[Images for object localization]

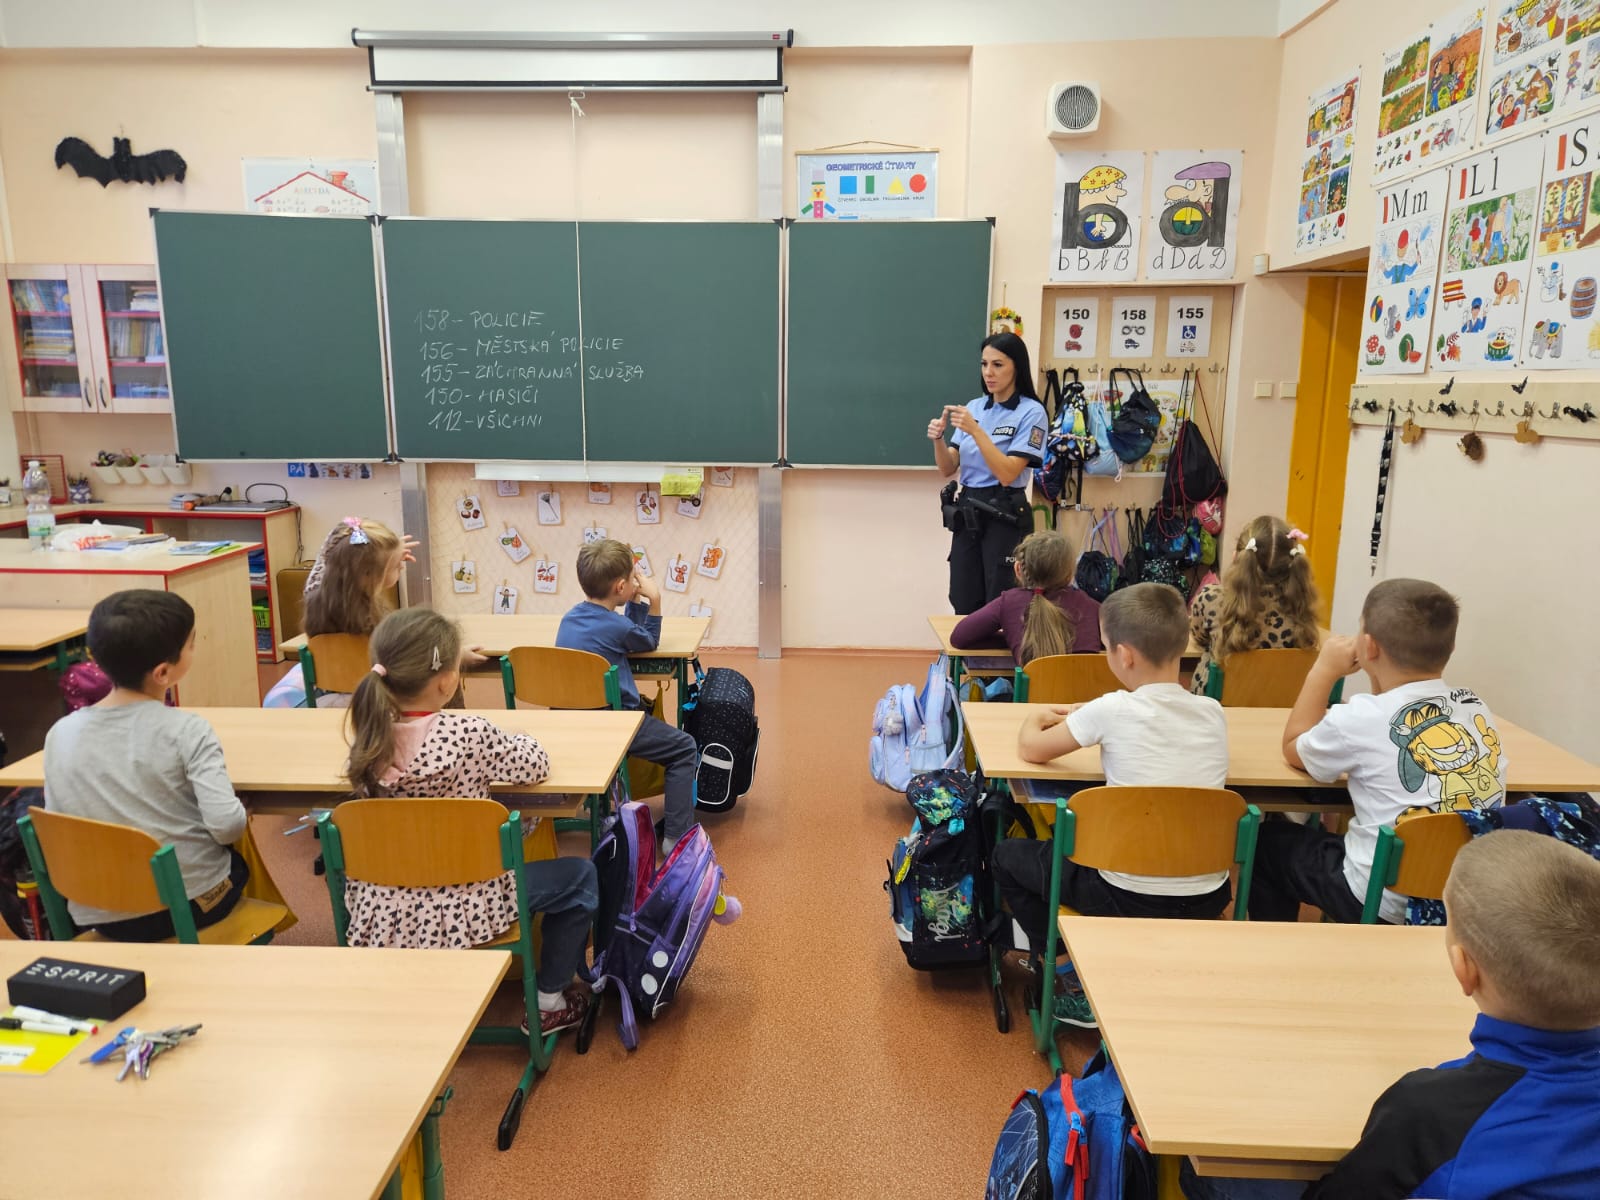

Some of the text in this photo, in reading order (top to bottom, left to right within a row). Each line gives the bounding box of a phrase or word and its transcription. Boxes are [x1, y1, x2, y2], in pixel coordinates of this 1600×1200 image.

[470, 310, 545, 329] POLICIE
[1063, 308, 1090, 320] 150
[1121, 309, 1147, 321] 158
[1177, 307, 1204, 319] 155
[476, 331, 556, 357] MĚSTSKÁ
[588, 361, 644, 382] SLUŽBA
[26, 963, 126, 985] ESPRIT

### Your instructions
Could you repeat all of the entries exactly, without the pictures?

### Your solution
Some of the text in this photo, in reading order (top to bottom, left to right within a row). Each line gives the bounding box of a phrase or word and its transcription. Boxes are [x1, y1, x2, y2], in pixel coordinates of this 1600×1200 image.

[470, 310, 545, 329] POLICIE
[1063, 308, 1090, 320] 150
[1121, 309, 1147, 321] 158
[1177, 307, 1204, 319] 155
[476, 331, 556, 357] MĚSTSKÁ
[588, 361, 644, 382] SLUŽBA
[26, 963, 126, 985] ESPRIT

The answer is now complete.